“Tukang Ledeng” Jadi Senator (#2) – Perjuangan Meluaskan Pelayanan Hingga Pedalaman

Catatan Aji Mirni Mawarni, Anggota Komite II DPD RI

SEMBARI melakukan pembenahan internal, saya berusaha menjalin komunikasi dengan stakeholder daerah. Yakni Pemkab dan DPRD Kutim, serta pihak-pihak yang memiliki tugas mengawasi PDAM Kutim. Kepada mereka, saya mengungkapkan kondisi riil secara faktual, obyektif, dan terbuka; berharap terjalin kondisi saling percaya (mutual trust)._

Di tengah fase krisis, saya mengumpulkan data semaksimal mungkin dari sumber seadanya, lalu menyampaikan apa adanya kepada stakeholder daerah. Secara khusus saya berkomunikasi intens dengan Asisten II Pemkab Kutim dan Kabag Hukum. Kami berkonsultasi dengan Badan Pengawasan Keuangan dan Pembangunan (BPKP) Kaltim dan Perpamsi. Juga mempelajari secara mendalam berbagai regulasi tentang PDAM.

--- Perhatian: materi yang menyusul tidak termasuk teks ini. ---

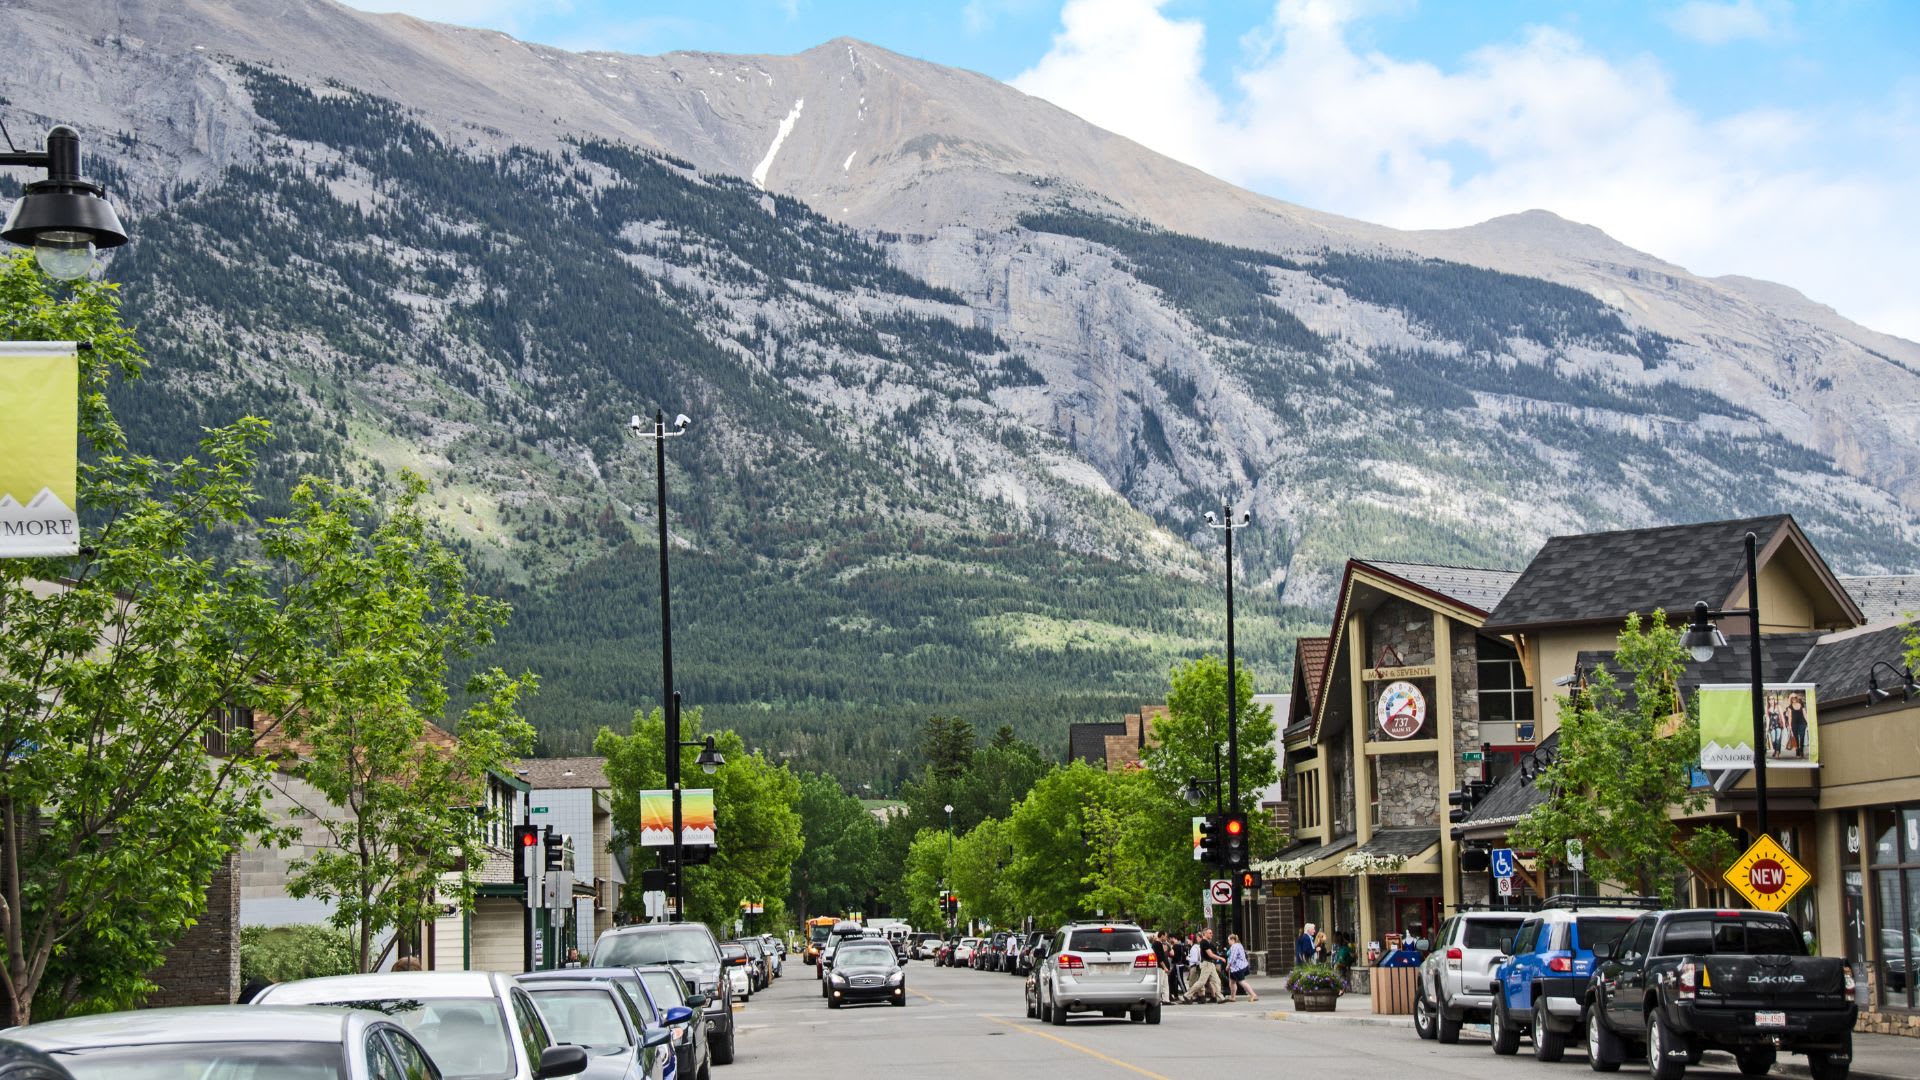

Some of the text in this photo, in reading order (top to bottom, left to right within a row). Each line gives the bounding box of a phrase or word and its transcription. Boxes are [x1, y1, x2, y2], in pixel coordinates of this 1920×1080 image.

[1397, 667, 1430, 677] SEVENTH
[1394, 718, 1409, 727] 737
[1751, 868, 1783, 885] NEW
[1747, 973, 1806, 984] DAKINE

Kami semakin aktif berkonsultasi dengan BPKP guna membenahi pengelolaan perusahaan, hingga ke tahap perumusan detail tugas-tugas. Dalam perjalanan, ada gambaran yang lebih utuh dalam menyusun strategi. Dengan komunikasi yang intens dan terjalin baik, serta perjuangan tak kenal lelah, PDAM Kutim akhirnya mendapatkan subsidi dan penyertaan modal dari Pemkab Kutim.

Penyertaan modal daerah kami gunakan untuk memperbaiki manajemen perusahaan secara keseluruhan. Termasuk membayar gaji karyawan dan menyelesaikan deretan utang. Guna menjaga dan memperkuat akuntabilitas, kami kian intens berkonsultasi dengan BPKP Kaltim. Kami dibimbing dalam menyusun laporan keuangan dan teknis manajemen lainnya.

Batu sandungan pun muncul, melalui verifikasi dan investigasi utang-utang usaha sebelumnya, diketahui ada sejumlah pengadaan yang tidak melalui mekanisme prosedur yang seharusnya. PDAM Kutim sempat mendapat 5 tuntutan pengadilan dalam proses pembayaran utang.

Arahan BPKP, utang tidak boleh dibayar karena proses pengadaan sebelumnya tidak prosedural. Kami berpegang pada arahan BPKP dan mempersilakan pihak ketiga untuk menuntut ke pengadilan. Karena PDAM Kutim tidak memiliki uang untuk membayar pengacara, 5 tuntutan tersebut saya hadapi sendiri dengan berbekal masukan dari papa saya yang pernah menjadi pengacara dan bagian hukum pemkab Kutim. Hasilnya, pengadilan memutuskan kami wajib membayar. Kami pun meminta waktu untuk menyelesaikannya setahap demi setahap.

Terkait pelayanan di wilayah Kutim yang begitu luas, Pemkab melalui Bappeda sudah menyusun rencana pelayanan air bersih seluruh kecamatan. Kami tinggal melihat skala prioritas yang dilayani, terutama dari sisi kepadatan penduduk.

Kami banyak berkoordinasi dan berkonsultasi Satker Air minum Kaltim, juga Direktorat Jenderal Air Minum Kementerian PUPR di Jakarta. Alhamdulillaah, banyak alumni Trisaksi yang bertugas di sana, sehingga komunikasi menjadi lebih cair. Biasanya, pemerintah pusat membangun maksimal dua Sistem Penyediaan Air Minum Ibukota Kecamatan (SPAM-IKK) di satu kabupaten, namun Kutim bisa mendapatkan tiga.

Seiring komunikasi yang kian intens, kami mengajukan permintaan pada Pemkab untuk memperbaiki dan meningkatkan sistem penyediaan air minum. Wilayah Kutim sangat luas. Peningkatan jangkauan layanan memerlukan waktu yang panjang. Satu kilometer pipa di perkotaan bisa melayani ratusan pelanggan. Namun di pedalaman, hanya bisa dua atau tiga pelanggan.

Jelas perlu biaya tinggi membangun jaringan air bersih di kecamatan. Alhamdulillaah, di tengah keterbatasan anggaran, selama 10 tahun saya menjabat, sudah hampir semua kecamatan terlayani, kecuali Sangkulirang. Proses ini bukanlah kerja PDAM sendiri. Ada sinergi erat yang terjalin dengan stakeholder daerah, terutama Pemkab dan DPRD Kutim.